(Assignment) Please output all of the entries exactly and omit any images they hold.

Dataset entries
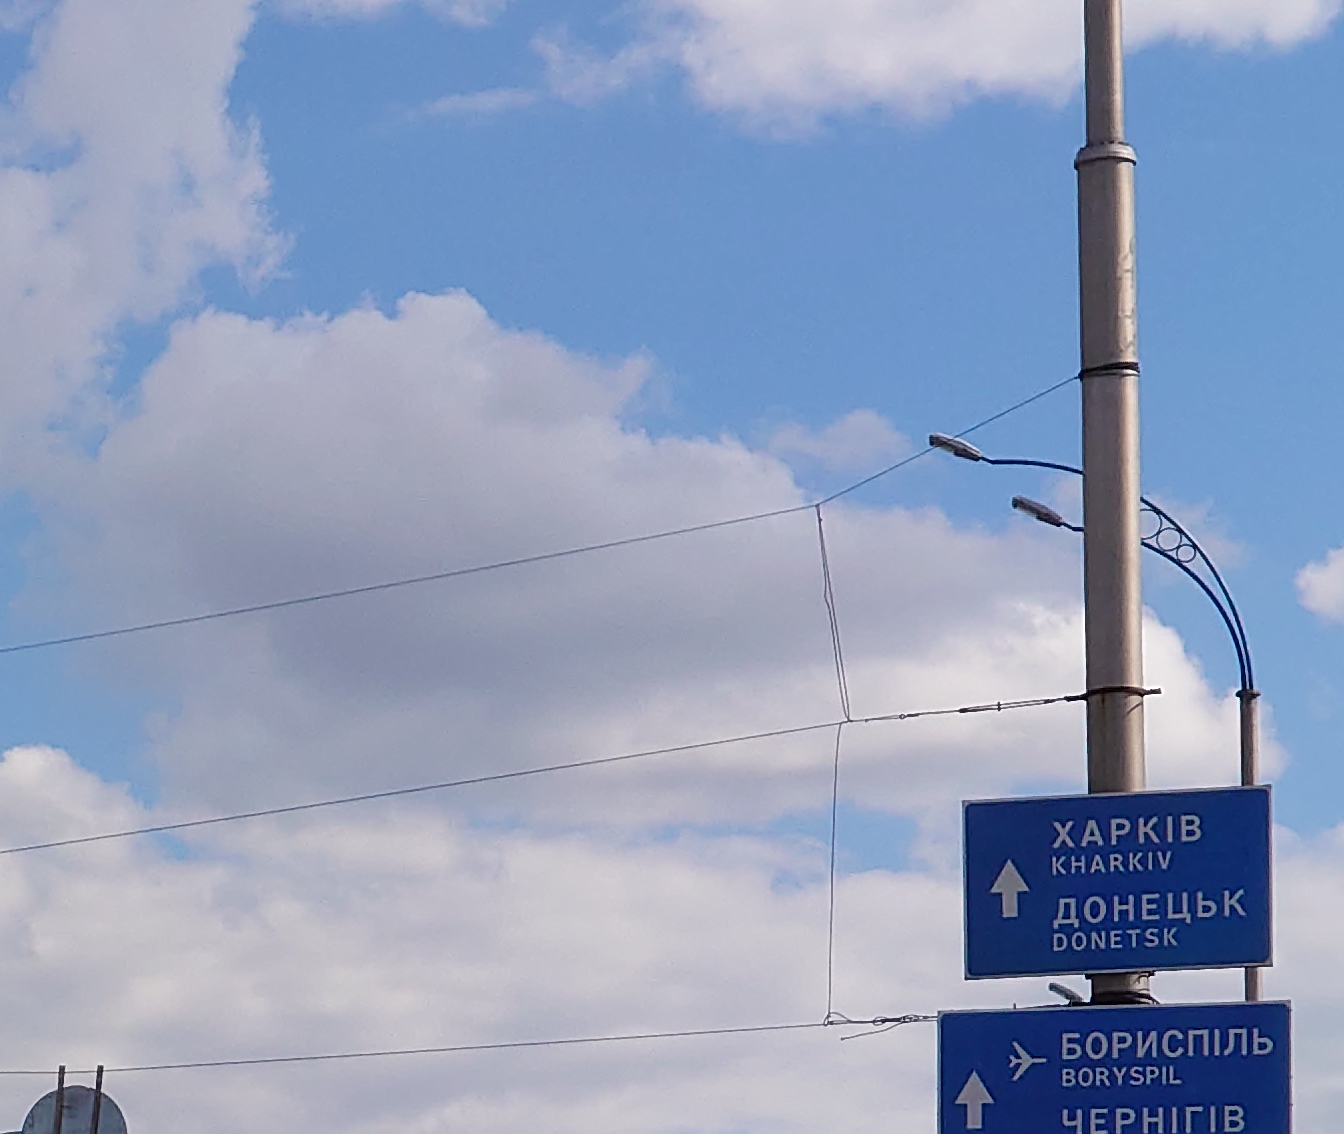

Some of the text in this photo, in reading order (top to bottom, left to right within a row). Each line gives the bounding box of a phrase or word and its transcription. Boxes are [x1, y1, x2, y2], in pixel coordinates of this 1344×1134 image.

[1052, 814, 1202, 848] ХАРКІВ
[1051, 851, 1172, 876] KHARKIV
[1053, 889, 1247, 929] ДОНЕЦЬК
[1053, 928, 1179, 952] DONETSK
[1061, 1028, 1274, 1061] БОРИСПІЛЬ
[1061, 1066, 1182, 1087] BORYSPIL

(Output for this task)
Some of the text in this photo, in reading order (top to bottom, left to right within a row). Each line gives the bounding box of a phrase or word and its transcription. Boxes are [x1, y1, x2, y2], in pixel coordinates of this 1344×1134 image.

[1052, 814, 1202, 848] ХАРКІВ
[1051, 851, 1172, 876] KHARKIV
[1053, 889, 1247, 929] ДОНЕЦЬК
[1053, 928, 1179, 952] DONETSK
[1061, 1028, 1274, 1061] БОРИСПІЛЬ
[1061, 1066, 1182, 1087] BORYSPIL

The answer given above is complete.